6 TIPS FOR FINANCIAL PROFESSIONALS WHEN DEALING WITH DIVORCING CLIENTS by Melinda Eitzen

  1. Be aware of the titling of your accounts and ownership. Follow your company’s mandates and your legal department’s advice on who can access financial information and who can withdraw funds. Do not assume anything and be cautious of written direction that you can not verify. For example, an email or text that may or may not be from who it appears to be from. Obtain signatures when appropriate and compare signature to your signatures on file.
  2. Do not allow change of beneficiary without signature of the spouse.
  3. Copy spouse on all communications. If the accounts are joint and you serve both husband and wife then copy the spouse on all communications. That would be a good practice at all times, not just once you know a divorce is pending or brewing. That would help keep someone from divorce planning to the detriment of the spouse.

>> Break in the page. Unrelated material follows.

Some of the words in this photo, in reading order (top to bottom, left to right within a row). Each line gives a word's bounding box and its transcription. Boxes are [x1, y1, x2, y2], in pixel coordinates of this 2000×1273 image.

  4. Participate in financial review. Insist/strongly encourage that both spouses participate if at all possible in your annual financial review with them, even if they need to appear by zoom or phone.

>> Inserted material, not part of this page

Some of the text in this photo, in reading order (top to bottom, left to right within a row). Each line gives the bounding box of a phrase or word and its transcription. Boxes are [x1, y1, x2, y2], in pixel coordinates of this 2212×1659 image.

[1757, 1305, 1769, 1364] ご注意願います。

  5. Avoid the temptation or the appearance of conspiring with the client that you have historically had more contact with if both husband and wife are your client.

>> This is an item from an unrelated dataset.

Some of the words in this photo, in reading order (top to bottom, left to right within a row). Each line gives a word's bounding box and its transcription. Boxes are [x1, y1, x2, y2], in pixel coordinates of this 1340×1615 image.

  6. Consult your attorney before moving money. Sometimes people move money around in an effort to “restore” separate property. Encourage them not to do that without legal advice. Often that is actually diluting their separate property instead of restoring it. If they want to move ½ the money out of the joint account into an account in his/her name only to “protect it”, they are likely sending a war cry that they did not mean to send. That could cause a much more contentious divorce. I discourage it.